United States District Court, S.D. New York
Sep 20, 2002
No. 91 Civ. 6818 (RPP) (S.D.N.Y. Sep. 20, 2002)

Opinion

No. 91 Civ. 6818 (RPP)

September 20, 2002

Attorney for Plaintiff: Mark C. Sternick from Forest Hills, New York.

Attorney for Defendants: Levy, Boonshoft Spinelli, P.C. By: David M. Levy from New York, New York.


OPINION AND ORDER


By motion dated February 19, 2002, and supplemented on March 22, 2002, Plaintiff Tho Dinh Tran moves for an award of additional attorney's fees totaling $29,516.25, pursuant to Rule 54(d)(2) of the Federal Rules of Civil Procedure ("Fed.R.Civ.P.") and 29 U.S.C. § 219. The Plaintiff also moves for costs in the amount of $3,588.41, pursuant to Fed.R.Civ.P. 54(d)(1) and 29 U.S.C. § 216 for services rendered in connection with Defendants' appeal of this Court's opinion and order of August 4, 2000.

Plaintiffs claim for additional fees includes a fee of $17,910.00 as well as $7,500 paid to appellate counsel. The Plaintiff also seeks $4,106.25 based on contemporaneously recorded time records for trial counsel using Amicus practice management software billed at a rate of $225 an hour. (Affidavits of Mark Sternick Esq. dated February 19, 2002 and March 22, 2002).

Background

Subsequent to hearing the evidence in this case, this Court filed an opinion and order dated August 4, 2000, finding that Plaintiff had proved by a preponderance of the evidence that Defendants had willfully violated the Fair Labor Standards Act ("FLSA") and awarded damages and liquidated damages to Plaintiff, totaling $90,196.70, based on a minimum wage of $4.25 an hour and overtime wages at $6.38 an hour.

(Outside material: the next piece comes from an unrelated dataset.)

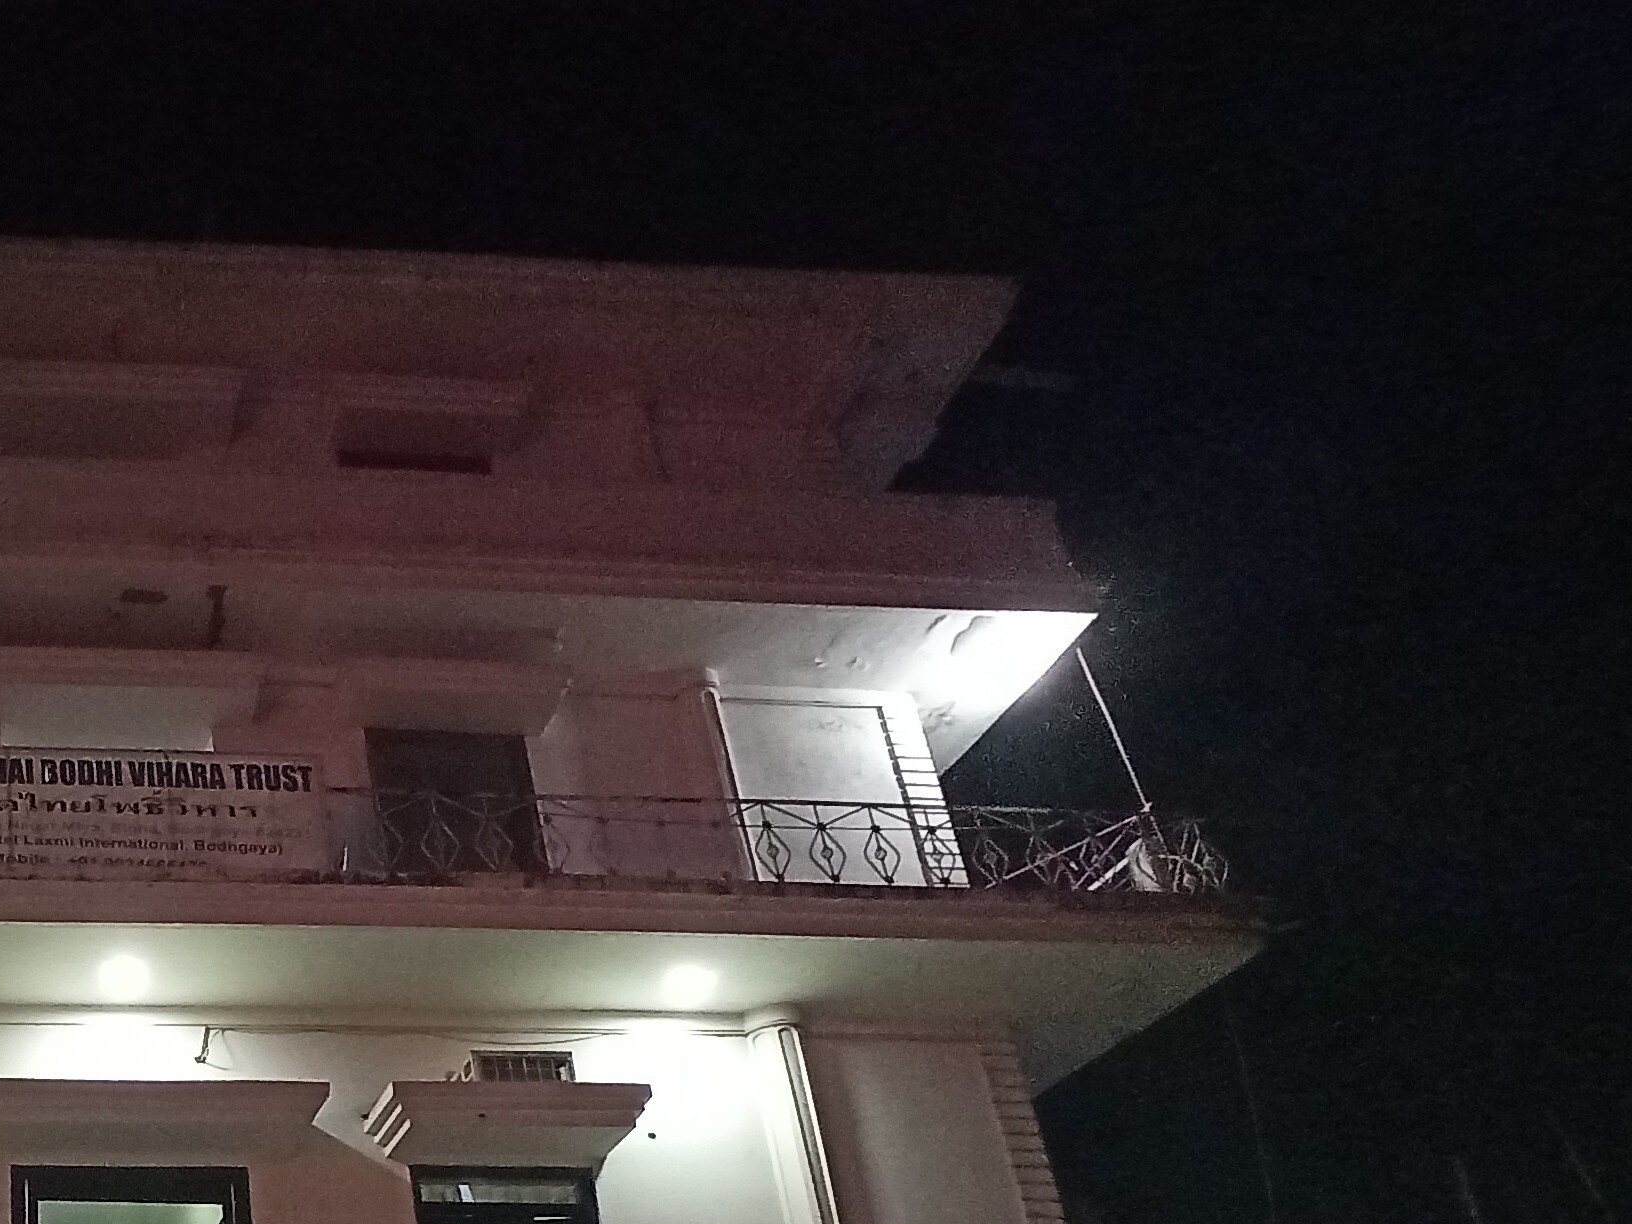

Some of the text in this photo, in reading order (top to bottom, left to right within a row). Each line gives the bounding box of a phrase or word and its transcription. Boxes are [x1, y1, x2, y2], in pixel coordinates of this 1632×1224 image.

[39, 758, 124, 787] BODHI
[127, 761, 227, 790] VIHARA
[228, 763, 313, 793] TRUST
[23, 834, 74, 848] Laxmi

Tho Dinh Tran v. Dinh Truong Tran, et al., 2000 U.S. Dist. Lexis 10946 (S.D.N.Y. 2000).

The Court also found, by a preponderance of the evidence, that the Defendants, in violation of the terms of a collective bargaining agreement with the union, had engaged in a pattern of racketeering by the payment of bribes to union representatives. The court found that this activity enabled the Defendants to conduct an enterprise affecting interstate commerce by others in violation of the Racketeer Influenced and Corrupt Organizations Act ("RICO"), 18 U.S.C. § 1962 (c). The Court awarded damages pursuant to 18 U.S.C. § 1964 (c) based on the amounts Plaintiff would have earned at union rates, totaling $199,832.85, which the Court then trebled for a total of $599,498.55. The Court also addressed Defendants' counterclaims and reduced the RICO damages to $595,639.05. Finding that the Plaintiff could not benefit from a double recovery, Plaintiff was awarded $595,639.05, plus reasonable attorney's fees and costs. Thereafter, Plaintiff applied for attorney's fees and the Court, by orders dated April 13, 2001 and May 5, 2001, awarded Plaintiff counsel fees totaling $96,730.25.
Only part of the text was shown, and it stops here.